*** Block opens ***
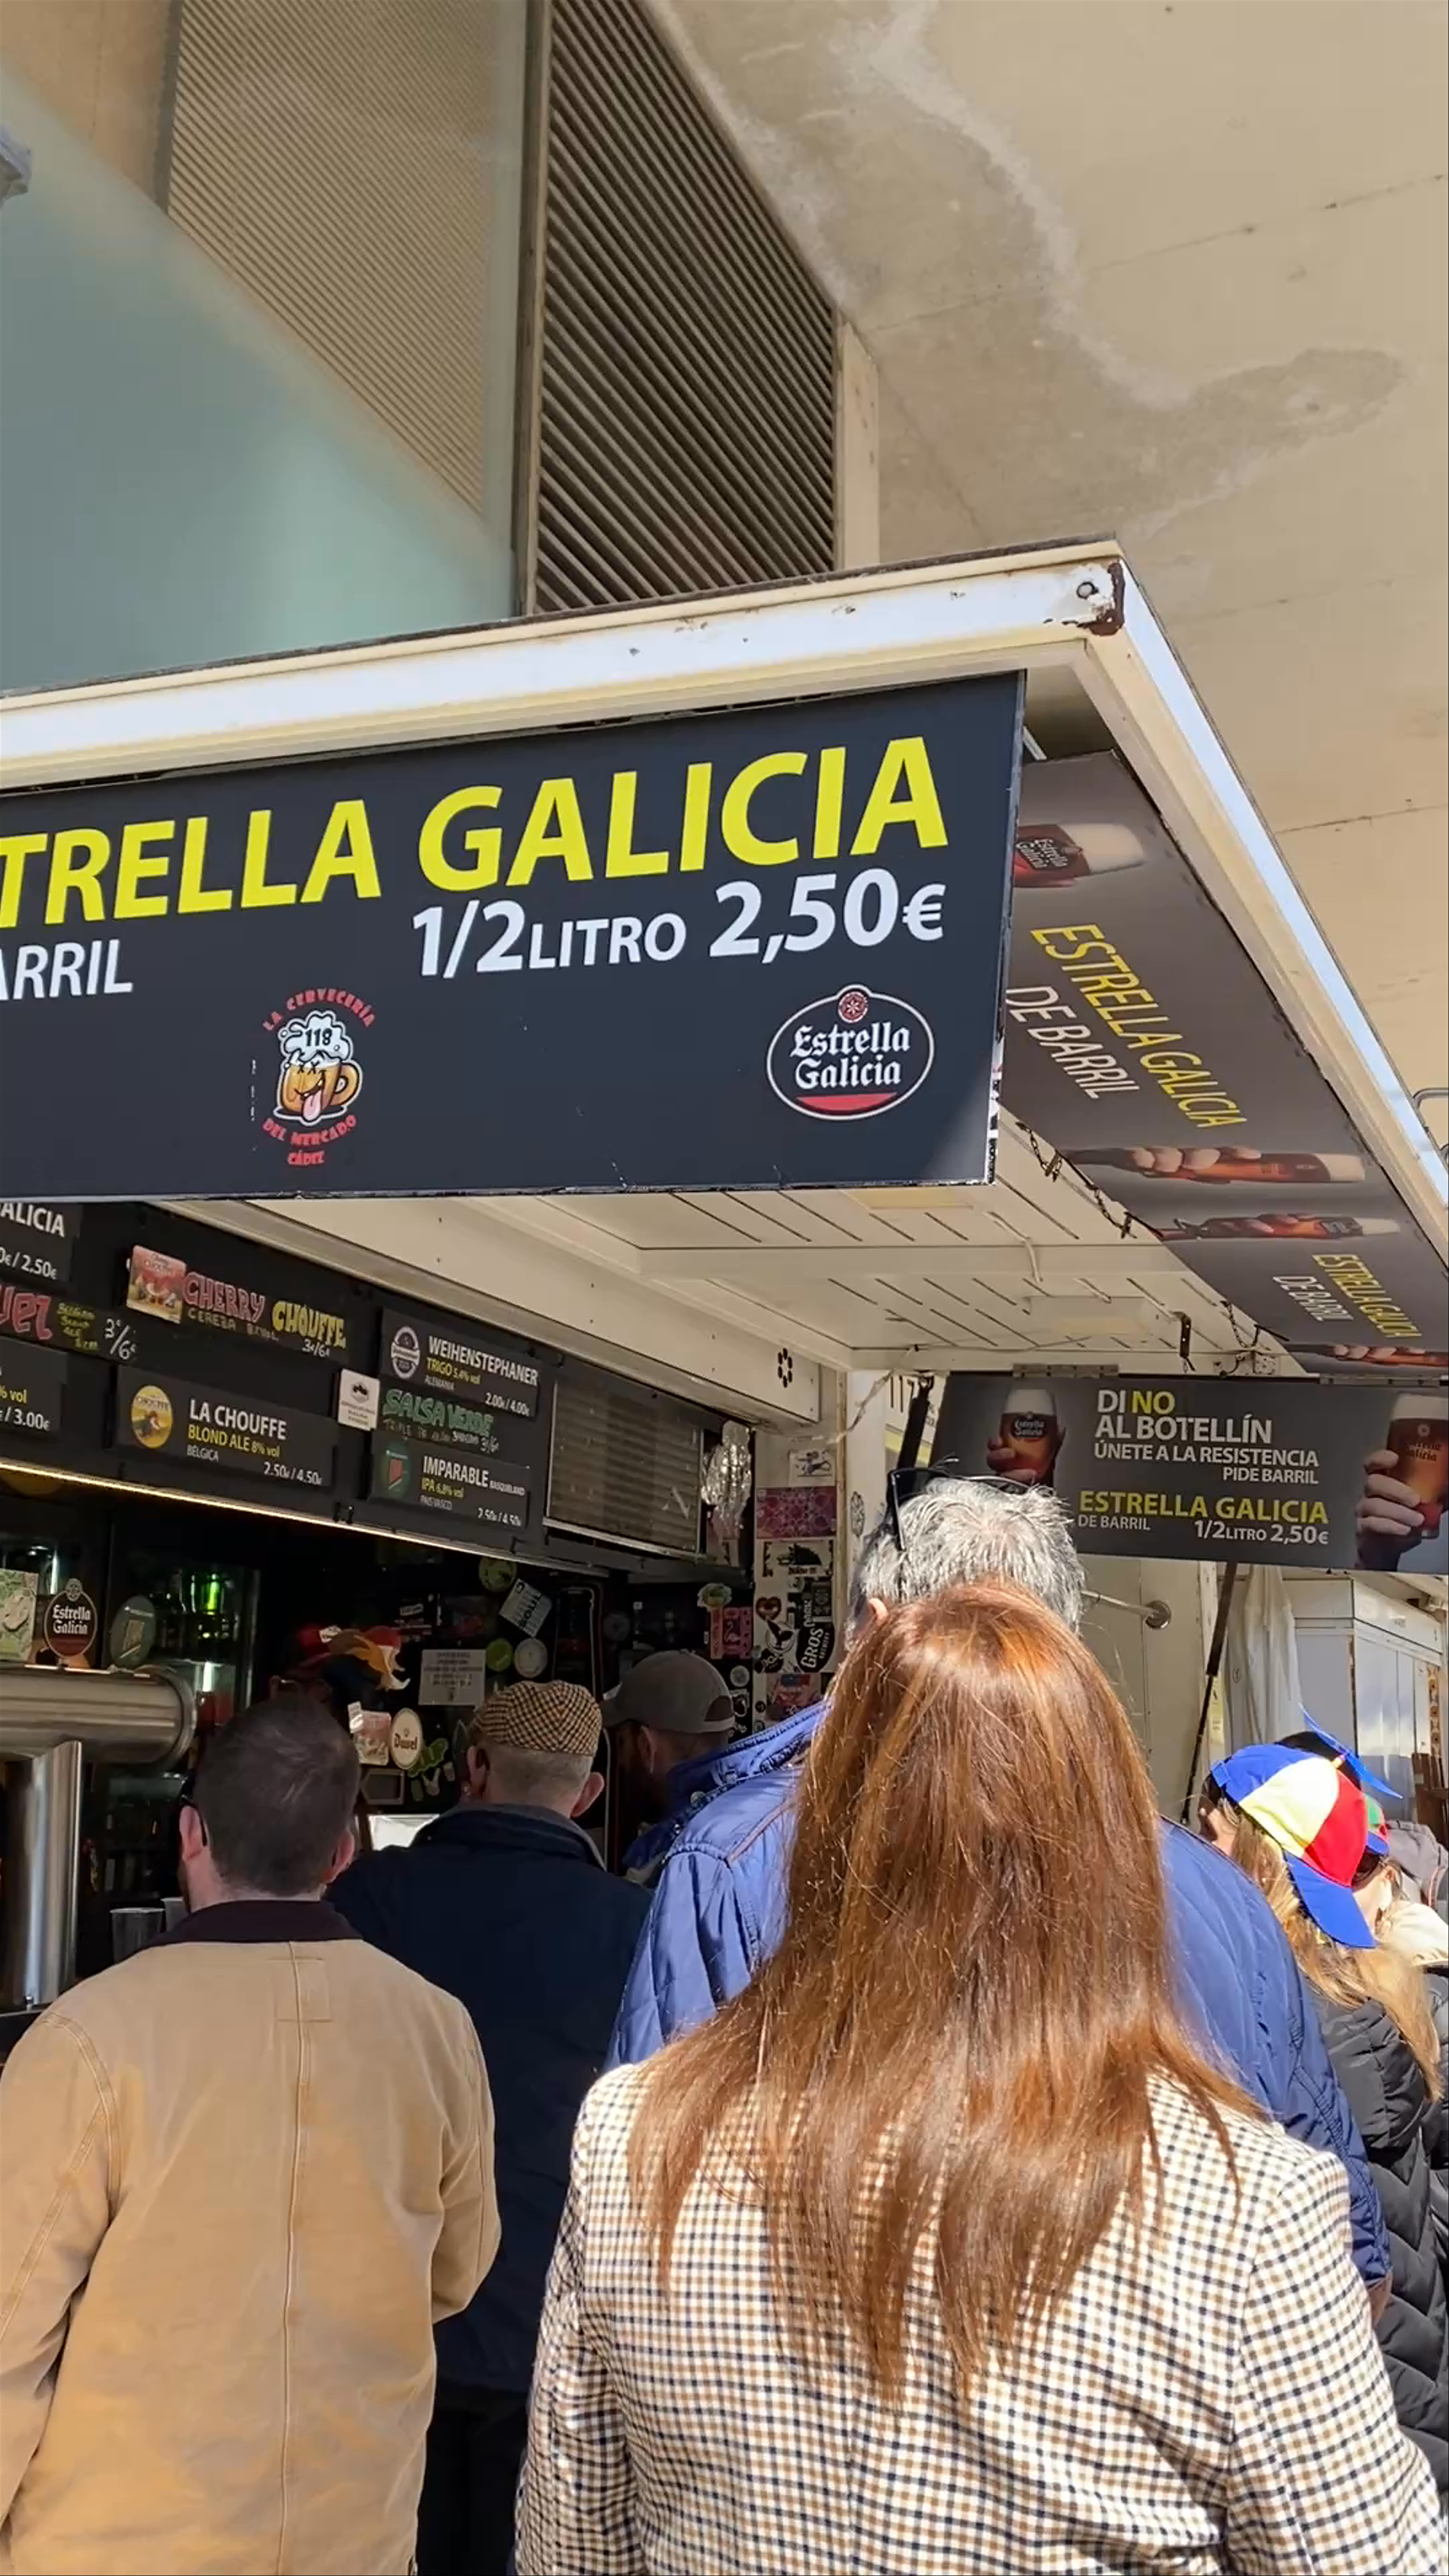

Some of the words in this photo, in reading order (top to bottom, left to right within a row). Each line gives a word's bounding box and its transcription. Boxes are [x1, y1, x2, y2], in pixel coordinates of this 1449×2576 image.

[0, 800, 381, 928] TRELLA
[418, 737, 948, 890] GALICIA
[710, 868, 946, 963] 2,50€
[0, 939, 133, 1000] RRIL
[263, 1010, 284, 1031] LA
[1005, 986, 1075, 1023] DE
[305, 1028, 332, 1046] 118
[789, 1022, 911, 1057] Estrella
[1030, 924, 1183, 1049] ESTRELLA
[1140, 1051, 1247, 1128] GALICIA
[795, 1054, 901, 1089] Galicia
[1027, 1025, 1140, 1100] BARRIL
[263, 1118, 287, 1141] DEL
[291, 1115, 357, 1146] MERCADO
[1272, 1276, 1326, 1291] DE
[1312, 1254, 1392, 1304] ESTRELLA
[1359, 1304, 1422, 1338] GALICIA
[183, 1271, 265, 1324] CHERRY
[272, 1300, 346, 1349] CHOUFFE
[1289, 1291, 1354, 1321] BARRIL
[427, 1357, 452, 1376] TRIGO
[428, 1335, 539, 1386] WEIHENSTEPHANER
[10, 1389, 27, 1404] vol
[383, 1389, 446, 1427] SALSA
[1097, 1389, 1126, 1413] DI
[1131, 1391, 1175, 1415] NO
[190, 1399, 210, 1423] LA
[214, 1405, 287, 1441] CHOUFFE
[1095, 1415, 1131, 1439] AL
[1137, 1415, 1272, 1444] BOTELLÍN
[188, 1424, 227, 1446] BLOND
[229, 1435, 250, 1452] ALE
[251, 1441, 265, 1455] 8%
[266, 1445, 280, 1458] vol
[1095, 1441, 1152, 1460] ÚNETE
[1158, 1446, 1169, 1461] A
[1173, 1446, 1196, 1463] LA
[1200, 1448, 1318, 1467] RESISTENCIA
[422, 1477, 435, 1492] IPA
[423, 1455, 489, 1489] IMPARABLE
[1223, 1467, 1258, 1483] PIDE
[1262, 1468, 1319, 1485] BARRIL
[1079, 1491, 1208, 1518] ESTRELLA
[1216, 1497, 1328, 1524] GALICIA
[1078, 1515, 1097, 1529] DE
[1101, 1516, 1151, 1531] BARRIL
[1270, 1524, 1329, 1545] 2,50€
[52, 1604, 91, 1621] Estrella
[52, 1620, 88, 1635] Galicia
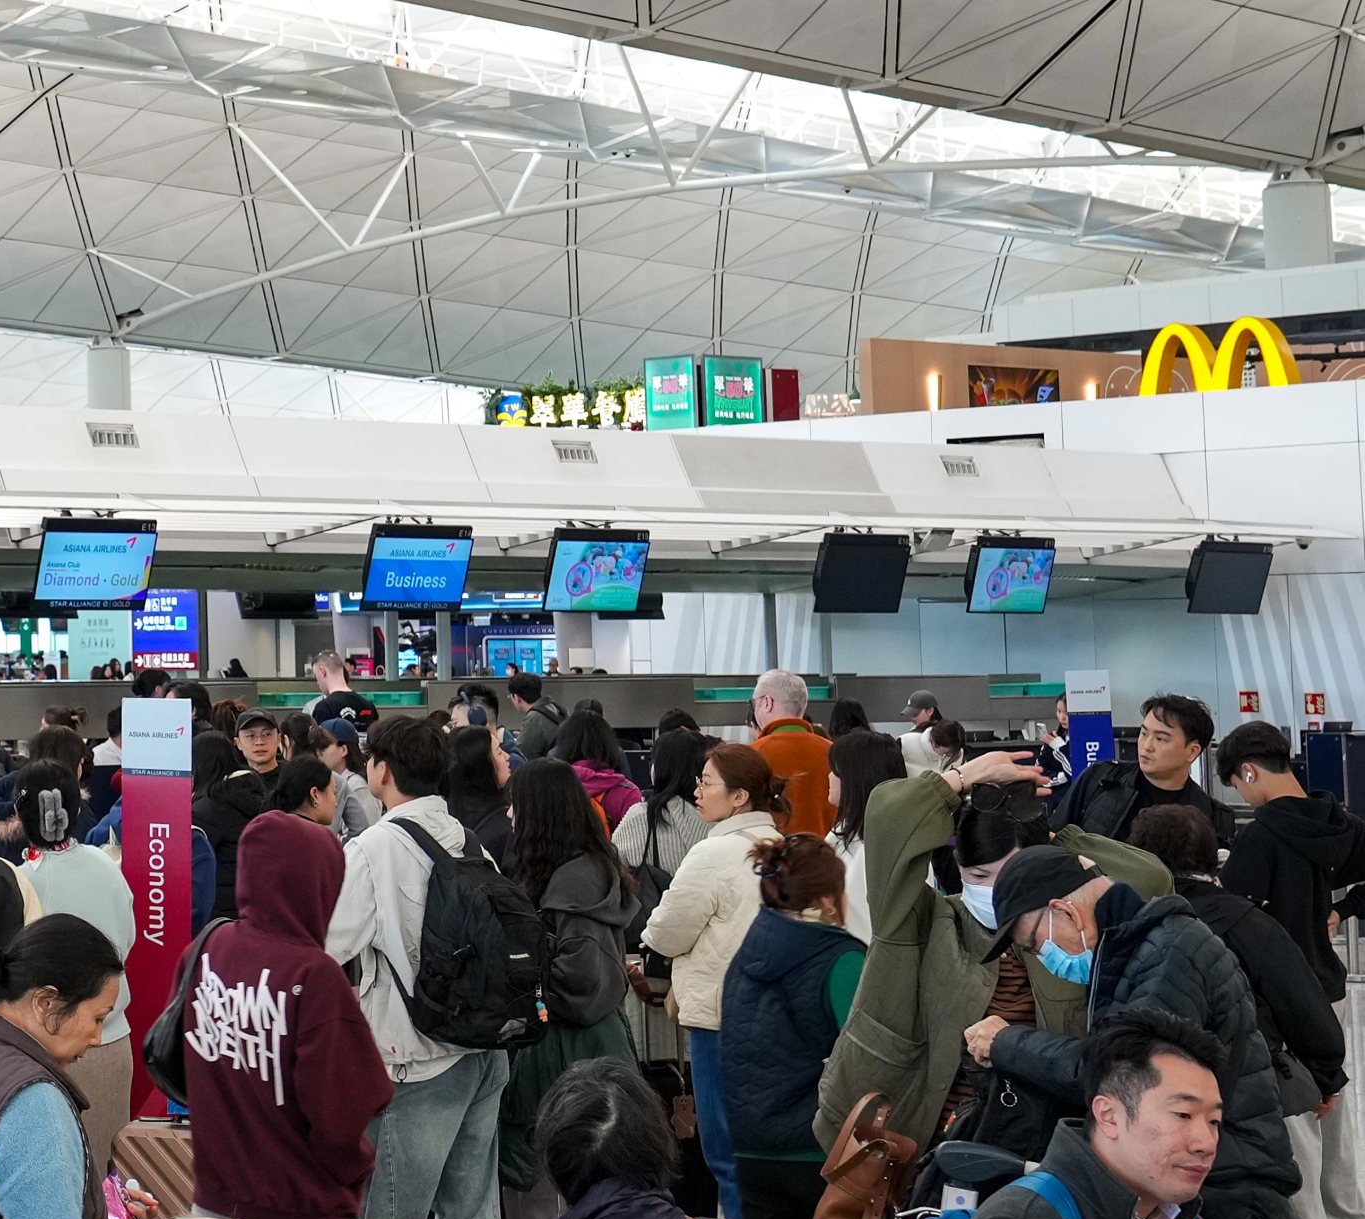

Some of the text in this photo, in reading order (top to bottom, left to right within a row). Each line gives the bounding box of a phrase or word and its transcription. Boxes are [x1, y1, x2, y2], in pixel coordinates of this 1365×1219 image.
*** Block closes ***
- Task prompt
Only the pictures are to be omitted; restate everything else above exactly.

- Expected answer
Some of the words in this photo, in reading order (top to bottom, left to right within a row). Each line gives a word's bounding box and its transcription. Boxes are [x1, y1, x2, y2], in pixel coordinates of this 1449×2576 image.

[0, 800, 381, 928] TRELLA
[418, 737, 948, 890] GALICIA
[710, 868, 946, 963] 2,50€
[0, 939, 133, 1000] RRIL
[263, 1010, 284, 1031] LA
[1005, 986, 1075, 1023] DE
[305, 1028, 332, 1046] 118
[789, 1022, 911, 1057] Estrella
[1030, 924, 1183, 1049] ESTRELLA
[1140, 1051, 1247, 1128] GALICIA
[795, 1054, 901, 1089] Galicia
[1027, 1025, 1140, 1100] BARRIL
[263, 1118, 287, 1141] DEL
[291, 1115, 357, 1146] MERCADO
[1272, 1276, 1326, 1291] DE
[1312, 1254, 1392, 1304] ESTRELLA
[1359, 1304, 1422, 1338] GALICIA
[183, 1271, 265, 1324] CHERRY
[272, 1300, 346, 1349] CHOUFFE
[1289, 1291, 1354, 1321] BARRIL
[427, 1357, 452, 1376] TRIGO
[428, 1335, 539, 1386] WEIHENSTEPHANER
[10, 1389, 27, 1404] vol
[383, 1389, 446, 1427] SALSA
[1097, 1389, 1126, 1413] DI
[1131, 1391, 1175, 1415] NO
[190, 1399, 210, 1423] LA
[214, 1405, 287, 1441] CHOUFFE
[1095, 1415, 1131, 1439] AL
[1137, 1415, 1272, 1444] BOTELLÍN
[188, 1424, 227, 1446] BLOND
[229, 1435, 250, 1452] ALE
[251, 1441, 265, 1455] 8%
[266, 1445, 280, 1458] vol
[1095, 1441, 1152, 1460] ÚNETE
[1158, 1446, 1169, 1461] A
[1173, 1446, 1196, 1463] LA
[1200, 1448, 1318, 1467] RESISTENCIA
[422, 1477, 435, 1492] IPA
[423, 1455, 489, 1489] IMPARABLE
[1223, 1467, 1258, 1483] PIDE
[1262, 1468, 1319, 1485] BARRIL
[1079, 1491, 1208, 1518] ESTRELLA
[1216, 1497, 1328, 1524] GALICIA
[1078, 1515, 1097, 1529] DE
[1101, 1516, 1151, 1531] BARRIL
[1270, 1524, 1329, 1545] 2,50€
[52, 1604, 91, 1621] Estrella
[52, 1620, 88, 1635] Galicia

Some of the text in this photo, in reading order (top to bottom, left to right within a row). Each line gives the bounding box of a phrase or word and its transcription. Boxes are [x1, y1, x2, y2], in pixel coordinates of this 1365×1219 image.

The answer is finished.